As there is no Addiction Medicine service at either hospital in Regina, only patients already receiving OAT as outpatients typically have access to OAT in hospital (The licensing laws allow OAT prescribed outside the hospital to continue in hospital.) [45]. This is unfortunate, as hospital admission can be a great opportunity to start a patient on opioid substitution, as well as connect them with community resources. OAT has been proven to reduce illicit opioid use [46], decrease the incidence of HIV by up to 54% [47, 48], and decrease health service utilization [48]. SCSs have similarly been shown to be cost-effective [49, 50], decrease mortality [50], and reduce IDU [51, 52]. Canada currently has 38 operating SCSs [53]. Saskatchewan’s first SCS opened its doors in Saskatoon earlier this year [54].

This study illustrates that there are many persons in Regina who require inpatient care due to downstream effects of unsafe IDU, and SCSs could potentially prevent many of these hospitalizations, as well as reduce all-cause mortality for this patient population. While we conservatively estimate that some $3.7 million CAD was spent on hospital admissions related to IDU in the city of Regina alone in 2018, only $562,000 was spent on harm reduction strategies across the whole province of SK over the 2017–2018 fiscal year [7]. Considering these costs, our government should invest more in preventative interventions for PWID.

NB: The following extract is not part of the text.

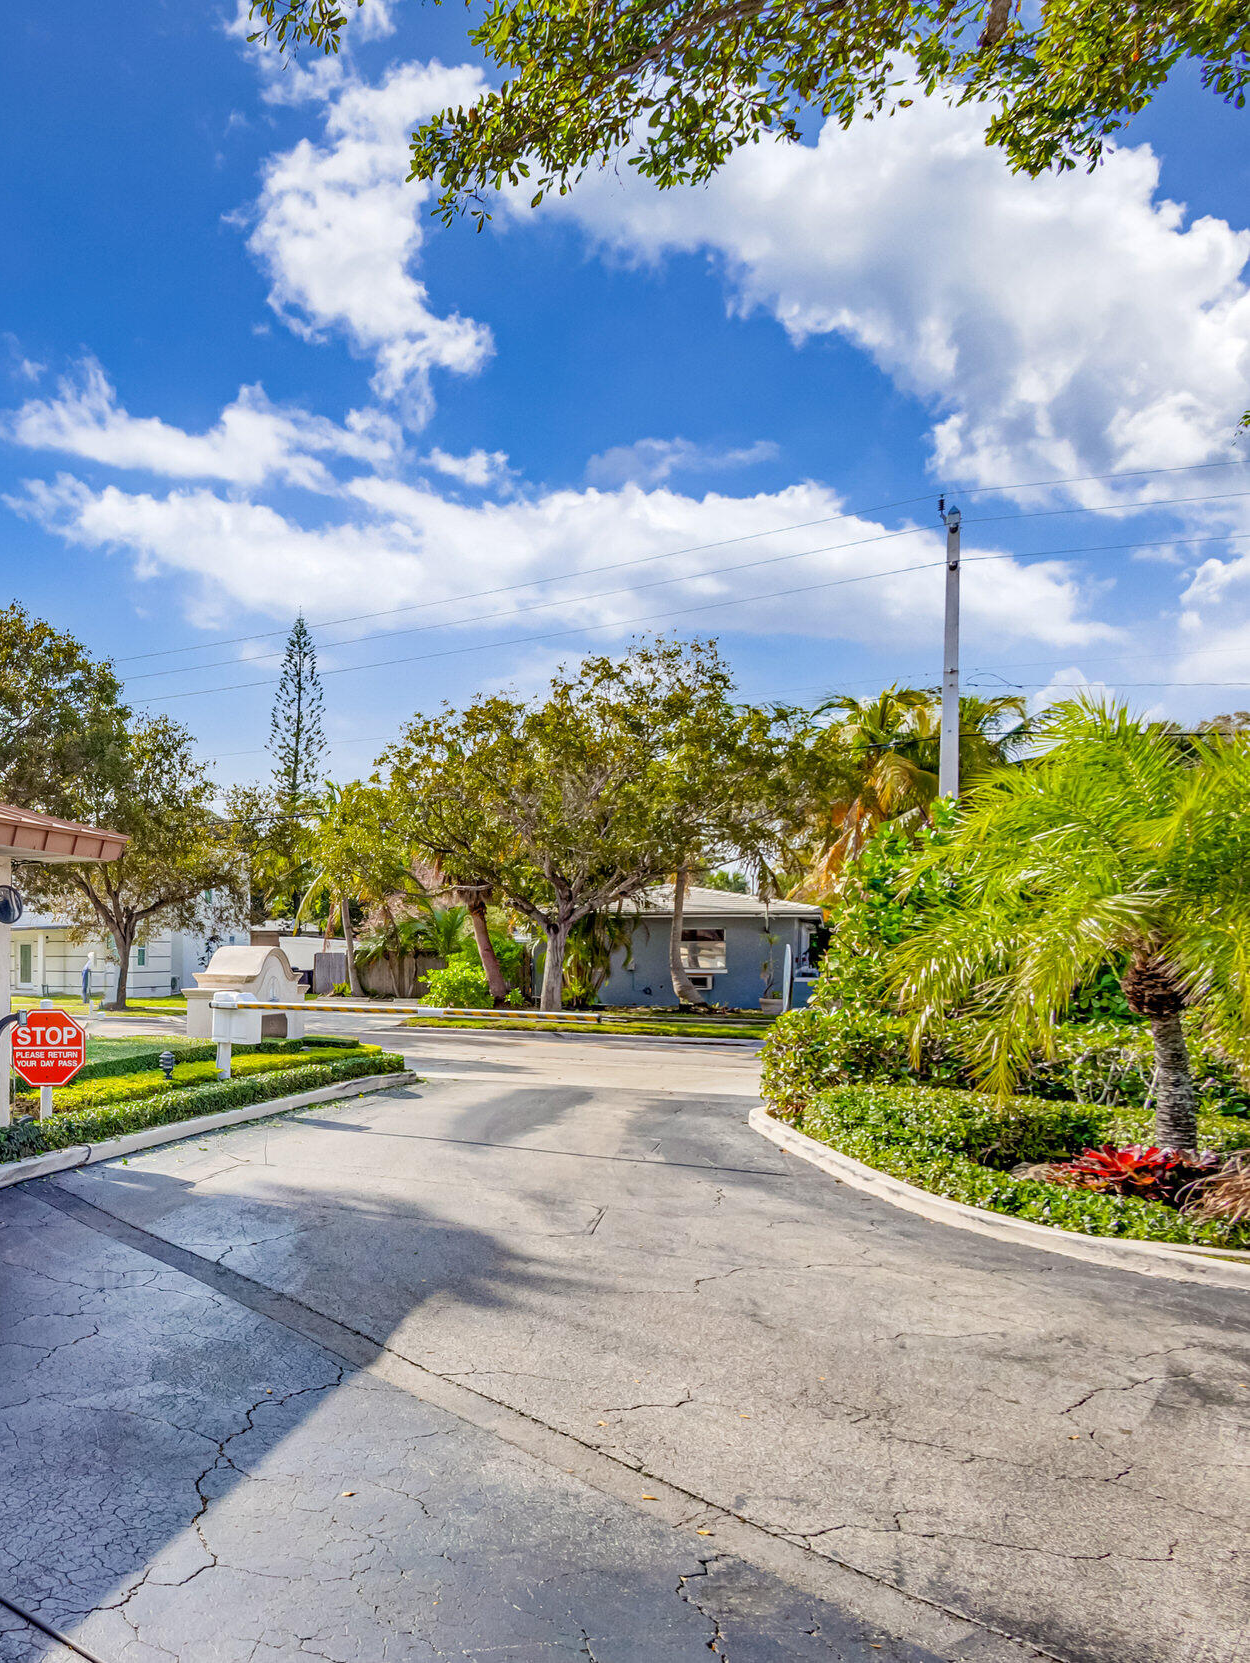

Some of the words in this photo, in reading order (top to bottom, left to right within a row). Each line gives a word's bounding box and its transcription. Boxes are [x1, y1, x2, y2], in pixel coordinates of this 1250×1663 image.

This study has several limitations. ED visits are not included in this review, but represent a significant cost and burden to the healthcare system [12]. ICD codes for drug use are only included in discharge abstracts by coding analysts if responsible physicians document that drug use is relevant to a given hospital admission (Personal communication from Health Information Management Systems analysts and management, Regina, Saskatchewan Health Authority), which means a number of hospital admissions that were related to IDU were missed by our review. Our estimate of the number of admissions relating to IDU is conservative because of the stringent inclusion criteria, particularly documentation of IDU within a year prior to admission in dictated notes available on the patient’s electronic medical record. However, many patients do not disclose history of IDU due to associated stigma, and some physicians do not always document history of substance use, let alone its route. While we have been able to report on the kinds of substances patients use with some detail, we do not, unfortunately, have the same detail on the route of use. Although all patients included have a documented history of IDU, some of the substances we list were likely used orally, smoked, and potentially through multiple routes. Finally, our review includes only 102 patients and thus is likely underpowered to detect differences between some of the patient groups.

Conclusions

Hospital admissions for patients with history of IDU are associated with high yearly mortality and significant healthcare costs at a calculated $3.7 million CAD in 2018 in Regina, Saskatchewan. Making harm reduction initiatives available to inpatients would likely improve patient outcomes as well as decrease associated healthcare costs. In particular, we advocate for availability of NSPs, OAT, and SCSs to both inpatients and outpatients in Regina. An Addiction Medicine consult service would be an optimal vehicle to provide NSP and OAT to inpatients. A dedicated multidisciplinary team would not only treat opioid use disorder and teach safe injection, but also educate other healthcare staff working with this vulnerable population, reduce stigma, and hopefully reduce patient-directed discharges.